*** Opening of RECORDS TO USE ***

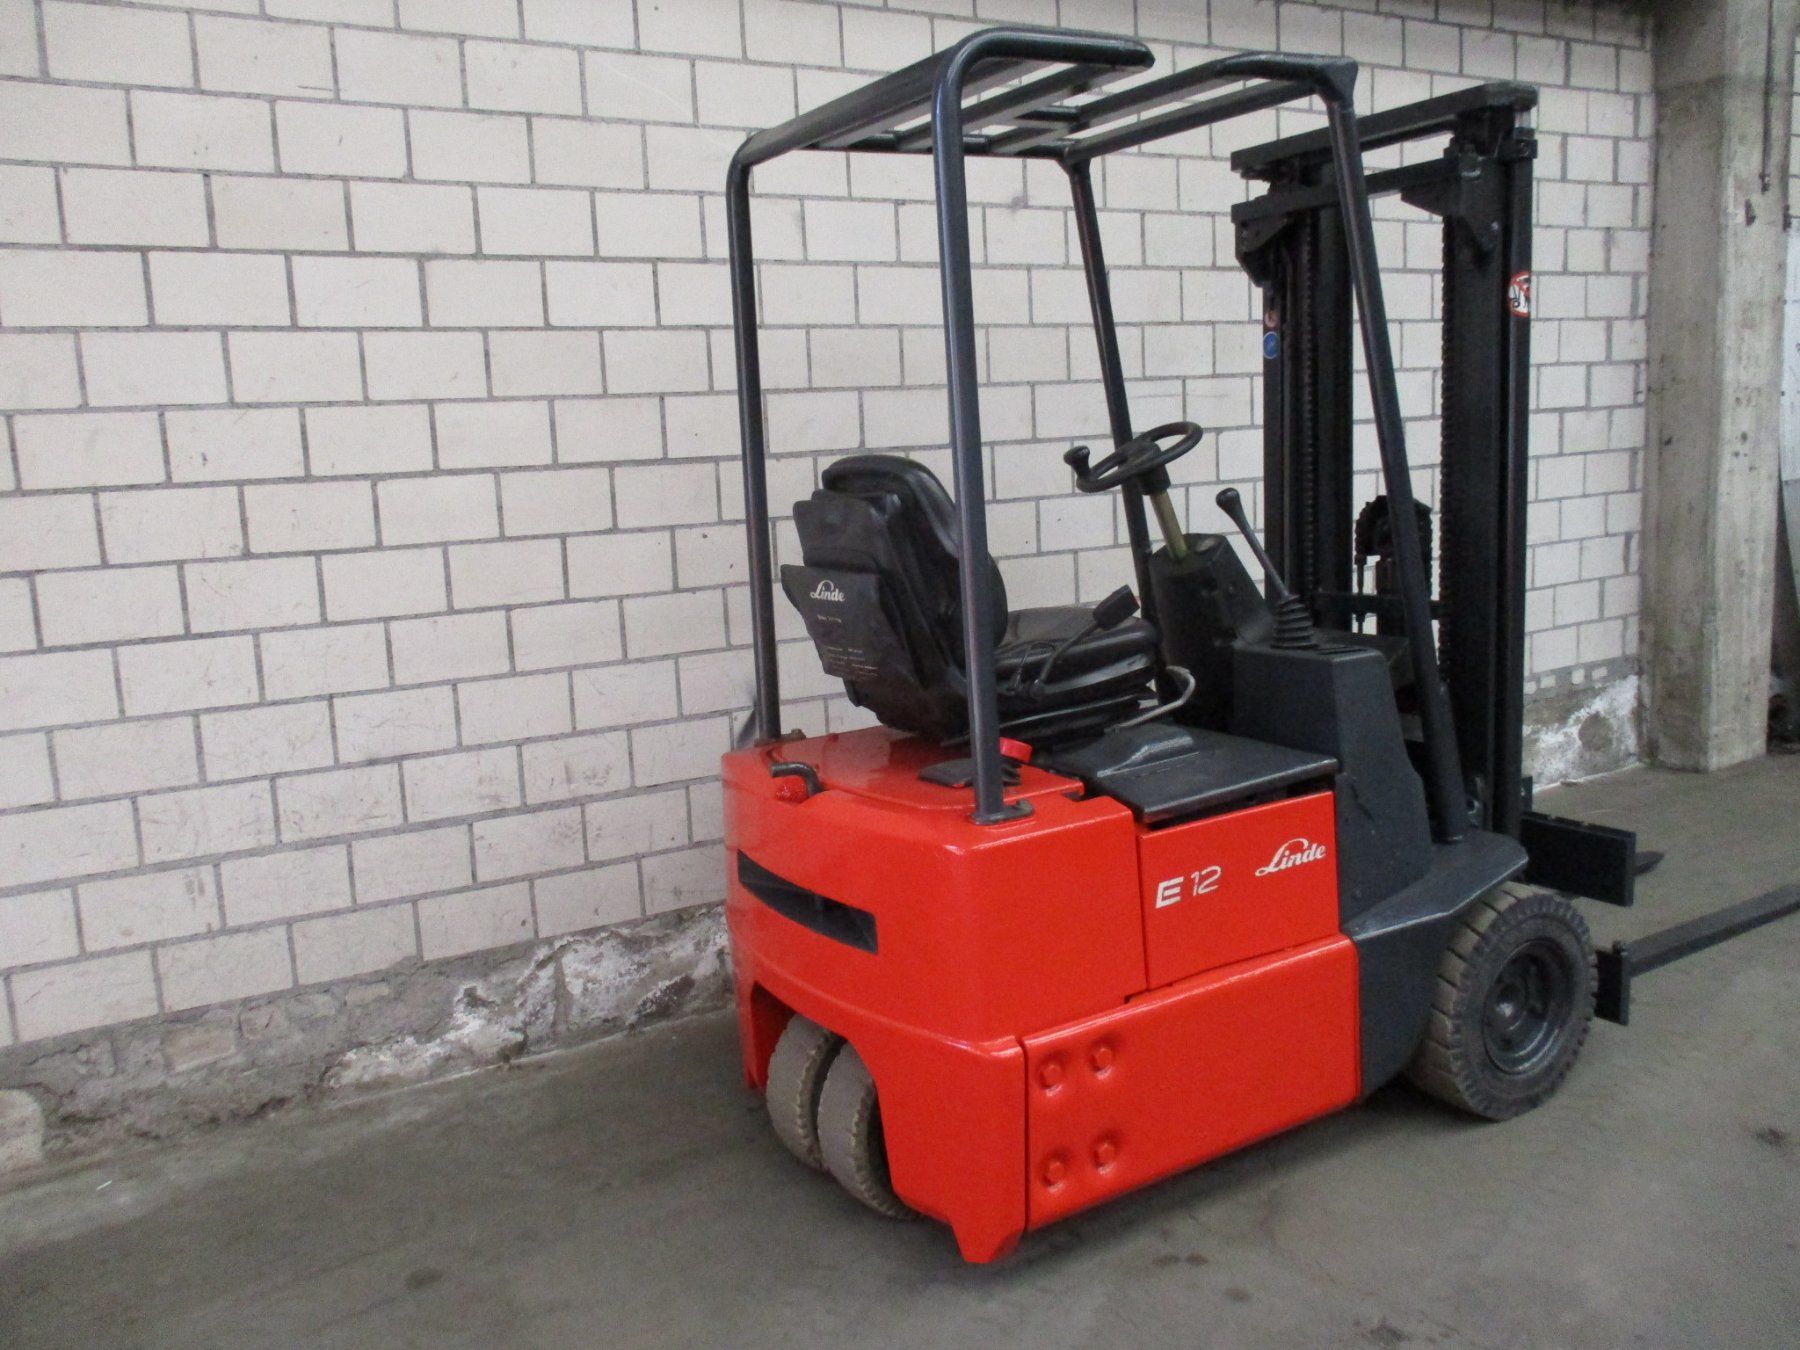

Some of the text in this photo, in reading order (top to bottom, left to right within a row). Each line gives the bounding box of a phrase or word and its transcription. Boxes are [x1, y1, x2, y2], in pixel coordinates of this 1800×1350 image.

[810, 579, 846, 601] Linde
[1254, 838, 1327, 877] Linde
[1155, 865, 1222, 909] E 12
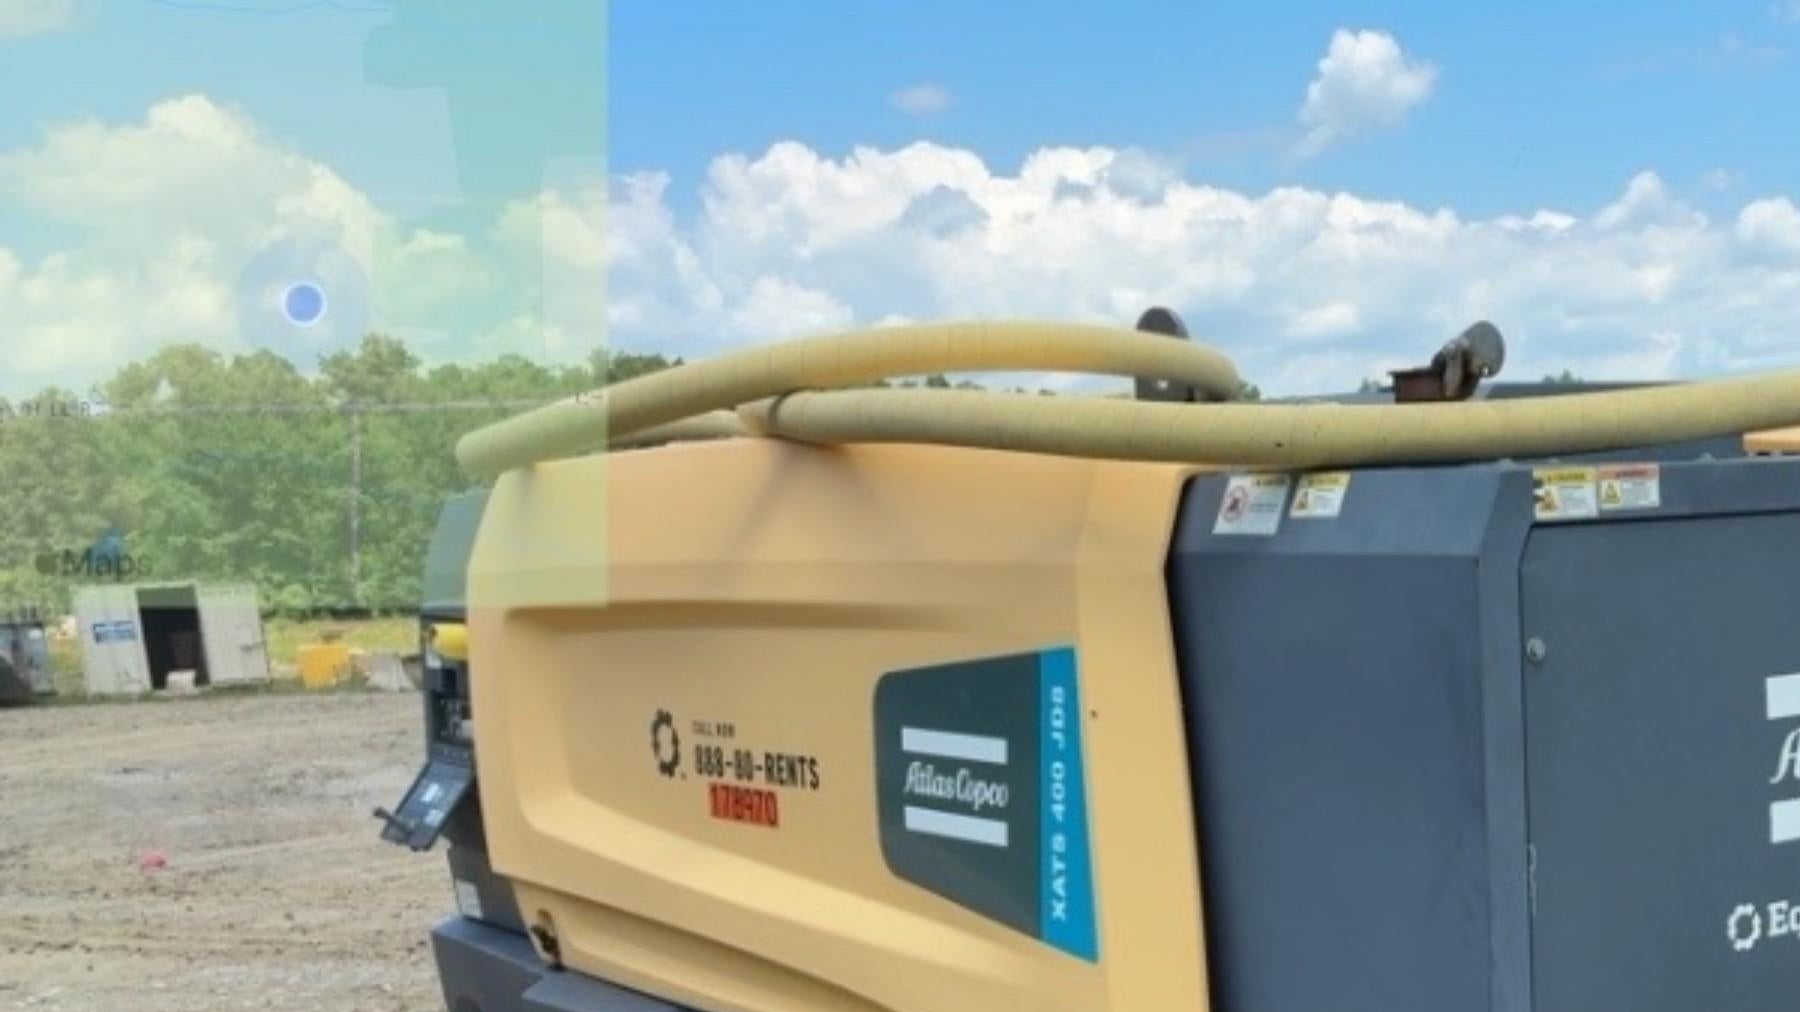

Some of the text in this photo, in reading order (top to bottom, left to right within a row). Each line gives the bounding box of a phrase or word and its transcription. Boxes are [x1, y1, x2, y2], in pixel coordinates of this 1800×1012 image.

*** Close of RECORDS TO USE ***

## WHAT YOU NEED TO DO:
What you give back should match the entries above exactly, except that pictures are dropped.

## TASK SOLUTION:
Some of the text in this photo, in reading order (top to bottom, left to right within a row). Each line gives the bounding box of a phrase or word and its transcription. Boxes are [x1, y1, x2, y2], in pixel coordinates of this 1800×1350 image.

[810, 579, 846, 601] Linde
[1254, 838, 1327, 877] Linde
[1155, 865, 1222, 909] E 12

Some of the text in this photo, in reading order (top to bottom, left to right within a row). Each line gives the bounding box of a phrase or word and its transcription. Boxes are [x1, y1, x2, y2], in pixel coordinates of this 1800×1012 image.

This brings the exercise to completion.